● **Instructions for the task**: What you write must match exactly the lines from the one with "this 1542×1734 image." through the last line of the material below.

━━━ Records to process ━━━

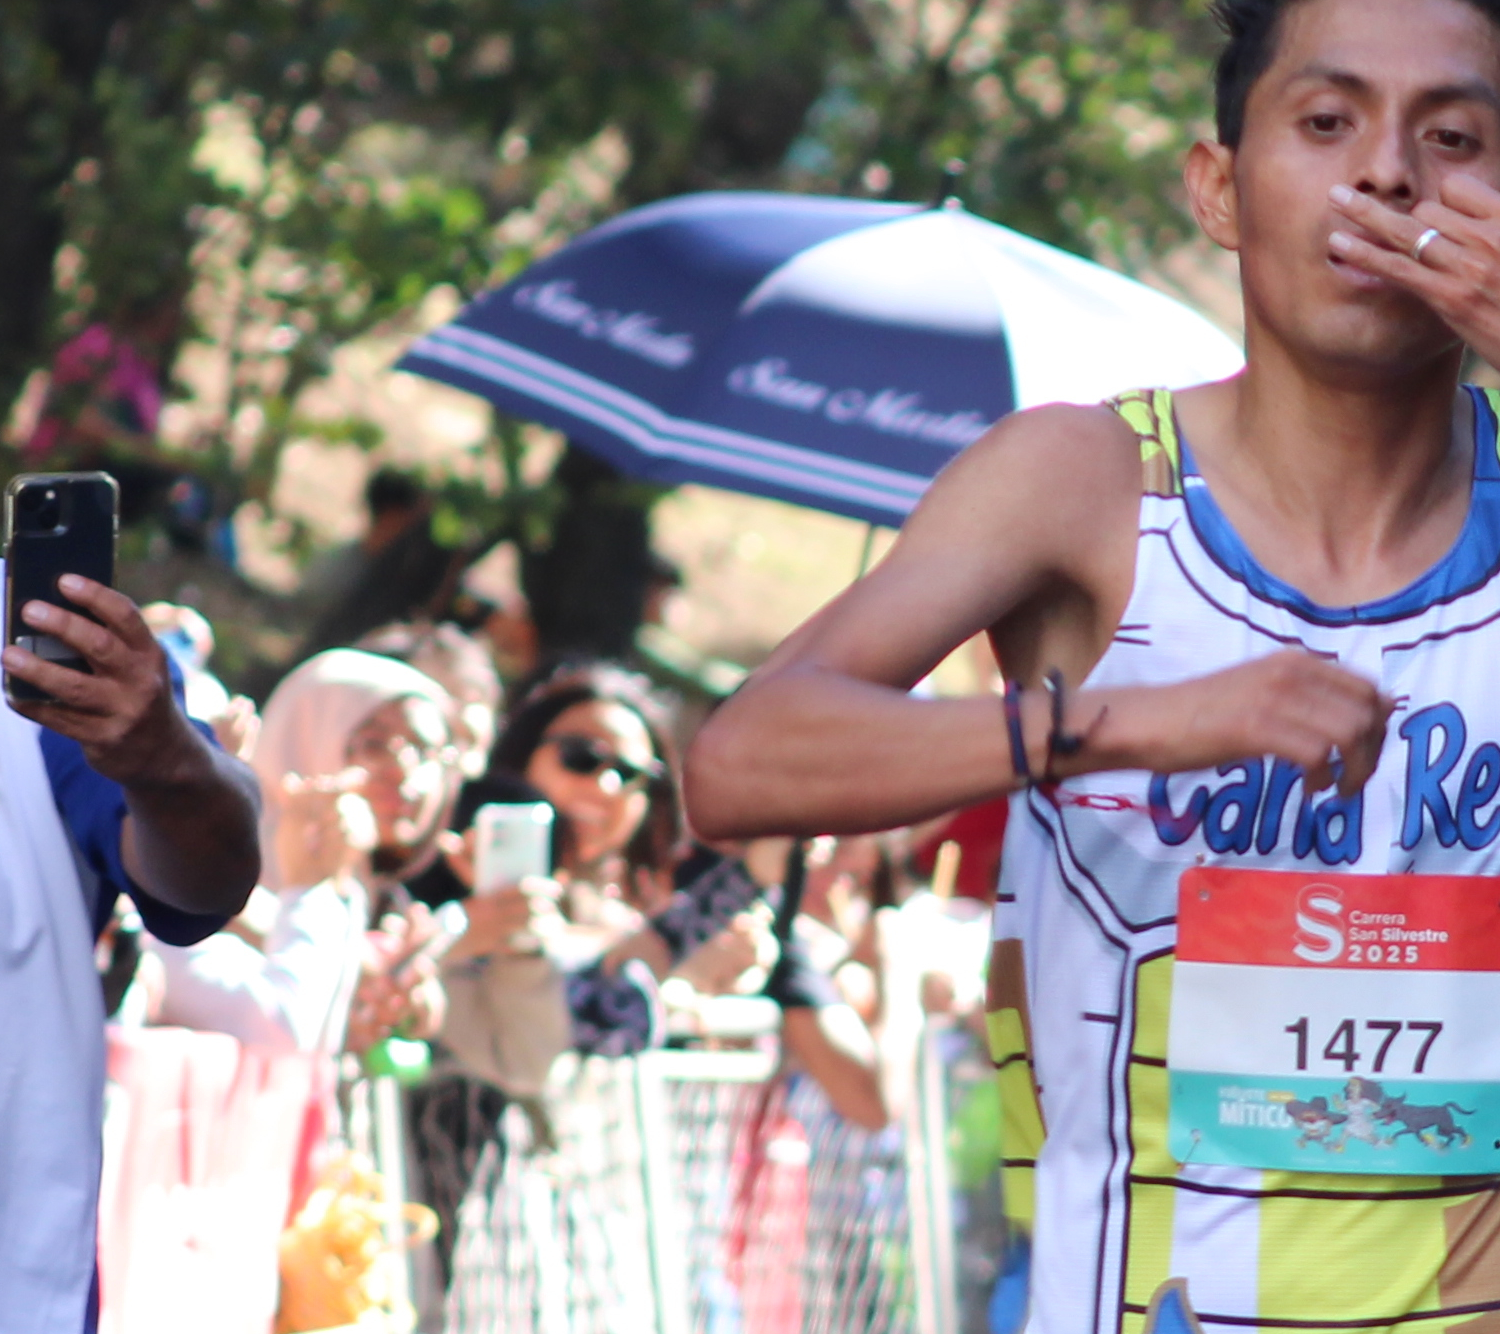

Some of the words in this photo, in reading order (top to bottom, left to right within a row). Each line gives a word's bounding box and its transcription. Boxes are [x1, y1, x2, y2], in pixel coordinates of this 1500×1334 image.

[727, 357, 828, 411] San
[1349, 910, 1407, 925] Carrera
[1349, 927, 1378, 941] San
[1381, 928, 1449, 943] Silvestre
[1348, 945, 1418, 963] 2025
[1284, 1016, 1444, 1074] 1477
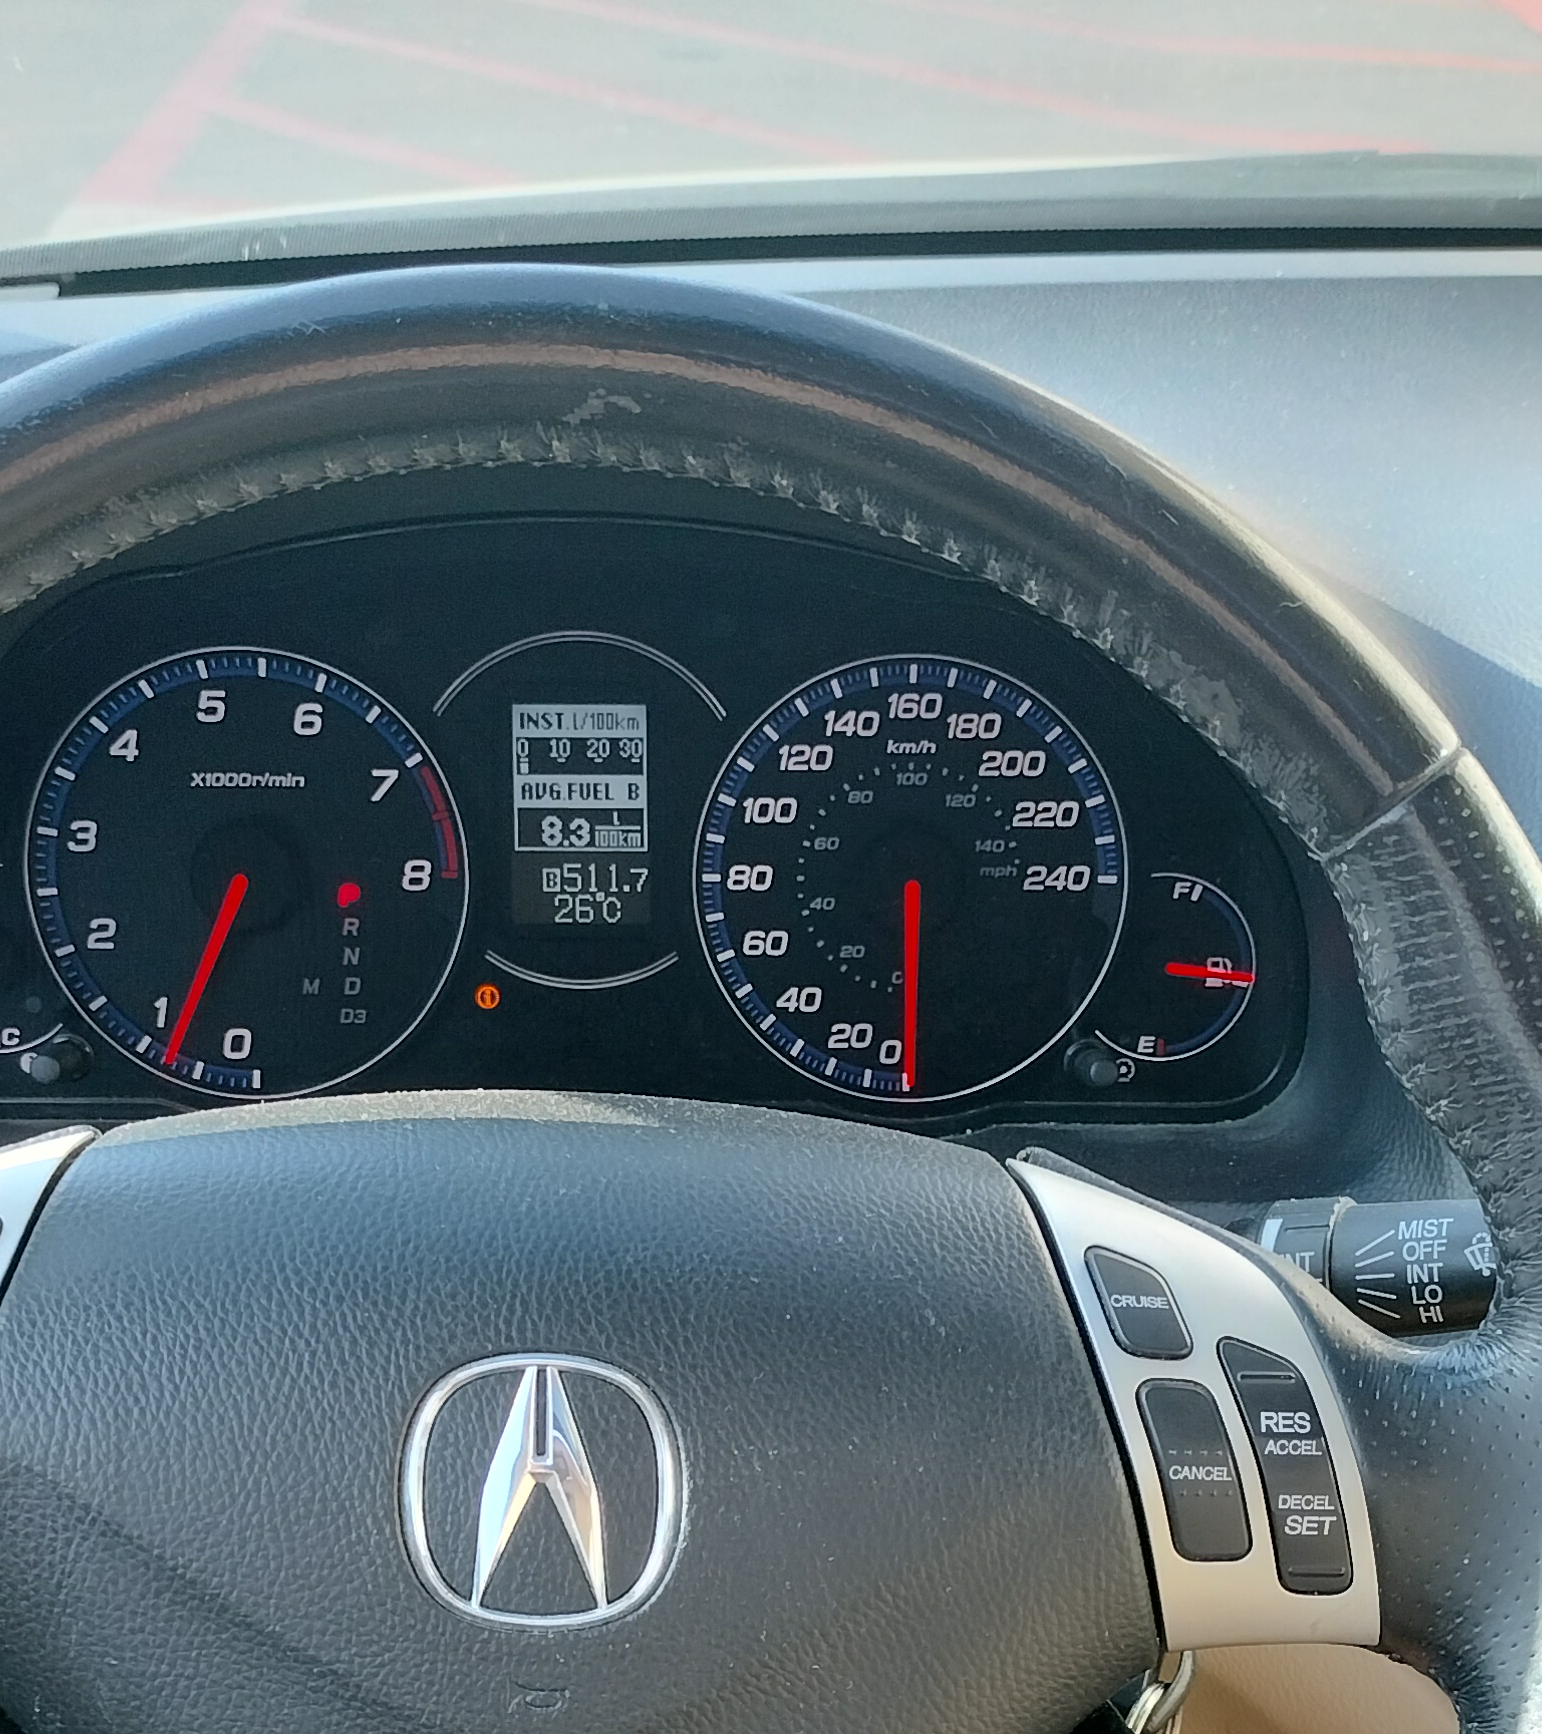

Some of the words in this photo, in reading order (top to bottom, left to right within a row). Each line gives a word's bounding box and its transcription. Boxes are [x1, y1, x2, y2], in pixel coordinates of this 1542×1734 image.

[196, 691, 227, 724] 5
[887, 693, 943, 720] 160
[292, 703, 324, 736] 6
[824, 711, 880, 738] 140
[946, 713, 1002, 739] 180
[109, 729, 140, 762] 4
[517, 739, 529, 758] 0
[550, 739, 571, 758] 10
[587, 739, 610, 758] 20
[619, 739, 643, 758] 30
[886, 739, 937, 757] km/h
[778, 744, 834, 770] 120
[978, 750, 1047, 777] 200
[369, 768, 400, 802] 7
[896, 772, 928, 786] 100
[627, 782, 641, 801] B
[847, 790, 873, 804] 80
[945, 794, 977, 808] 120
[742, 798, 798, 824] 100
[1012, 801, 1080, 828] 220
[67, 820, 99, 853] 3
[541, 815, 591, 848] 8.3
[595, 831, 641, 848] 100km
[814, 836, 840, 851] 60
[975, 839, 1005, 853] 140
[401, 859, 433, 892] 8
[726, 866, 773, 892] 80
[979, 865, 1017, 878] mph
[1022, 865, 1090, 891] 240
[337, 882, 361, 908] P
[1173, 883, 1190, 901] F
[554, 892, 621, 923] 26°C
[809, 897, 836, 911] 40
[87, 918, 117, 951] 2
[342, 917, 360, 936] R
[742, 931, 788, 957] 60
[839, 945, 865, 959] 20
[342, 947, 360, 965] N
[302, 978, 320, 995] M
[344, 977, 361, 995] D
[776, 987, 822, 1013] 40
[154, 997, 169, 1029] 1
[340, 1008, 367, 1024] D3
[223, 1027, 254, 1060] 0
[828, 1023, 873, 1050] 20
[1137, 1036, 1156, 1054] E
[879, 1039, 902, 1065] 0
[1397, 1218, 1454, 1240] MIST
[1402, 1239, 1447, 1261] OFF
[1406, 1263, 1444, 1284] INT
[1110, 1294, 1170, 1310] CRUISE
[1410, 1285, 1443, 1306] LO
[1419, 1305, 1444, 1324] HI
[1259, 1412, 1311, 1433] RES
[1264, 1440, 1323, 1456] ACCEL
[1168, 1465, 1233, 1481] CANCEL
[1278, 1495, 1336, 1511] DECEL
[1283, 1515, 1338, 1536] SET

━━━

● **Solved exercise**:
Some of the words in this photo, in reading order (top to bottom, left to right within a row). Each line gives a word's bounding box and its transcription. Boxes are [x1, y1, x2, y2], in pixel coordinates of this 1542×1734 image.

[196, 691, 227, 724] 5
[887, 693, 943, 720] 160
[292, 703, 324, 736] 6
[824, 711, 880, 738] 140
[946, 713, 1002, 739] 180
[109, 729, 140, 762] 4
[517, 739, 529, 758] 0
[550, 739, 571, 758] 10
[587, 739, 610, 758] 20
[619, 739, 643, 758] 30
[886, 739, 937, 757] km/h
[778, 744, 834, 770] 120
[978, 750, 1047, 777] 200
[369, 768, 400, 802] 7
[896, 772, 928, 786] 100
[627, 782, 641, 801] B
[847, 790, 873, 804] 80
[945, 794, 977, 808] 120
[742, 798, 798, 824] 100
[1012, 801, 1080, 828] 220
[67, 820, 99, 853] 3
[541, 815, 591, 848] 8.3
[595, 831, 641, 848] 100km
[814, 836, 840, 851] 60
[975, 839, 1005, 853] 140
[401, 859, 433, 892] 8
[726, 866, 773, 892] 80
[979, 865, 1017, 878] mph
[1022, 865, 1090, 891] 240
[337, 882, 361, 908] P
[1173, 883, 1190, 901] F
[554, 892, 621, 923] 26°C
[809, 897, 836, 911] 40
[87, 918, 117, 951] 2
[342, 917, 360, 936] R
[742, 931, 788, 957] 60
[839, 945, 865, 959] 20
[342, 947, 360, 965] N
[302, 978, 320, 995] M
[344, 977, 361, 995] D
[776, 987, 822, 1013] 40
[154, 997, 169, 1029] 1
[340, 1008, 367, 1024] D3
[223, 1027, 254, 1060] 0
[828, 1023, 873, 1050] 20
[1137, 1036, 1156, 1054] E
[879, 1039, 902, 1065] 0
[1397, 1218, 1454, 1240] MIST
[1402, 1239, 1447, 1261] OFF
[1406, 1263, 1444, 1284] INT
[1110, 1294, 1170, 1310] CRUISE
[1410, 1285, 1443, 1306] LO
[1419, 1305, 1444, 1324] HI
[1259, 1412, 1311, 1433] RES
[1264, 1440, 1323, 1456] ACCEL
[1168, 1465, 1233, 1481] CANCEL
[1278, 1495, 1336, 1511] DECEL
[1283, 1515, 1338, 1536] SET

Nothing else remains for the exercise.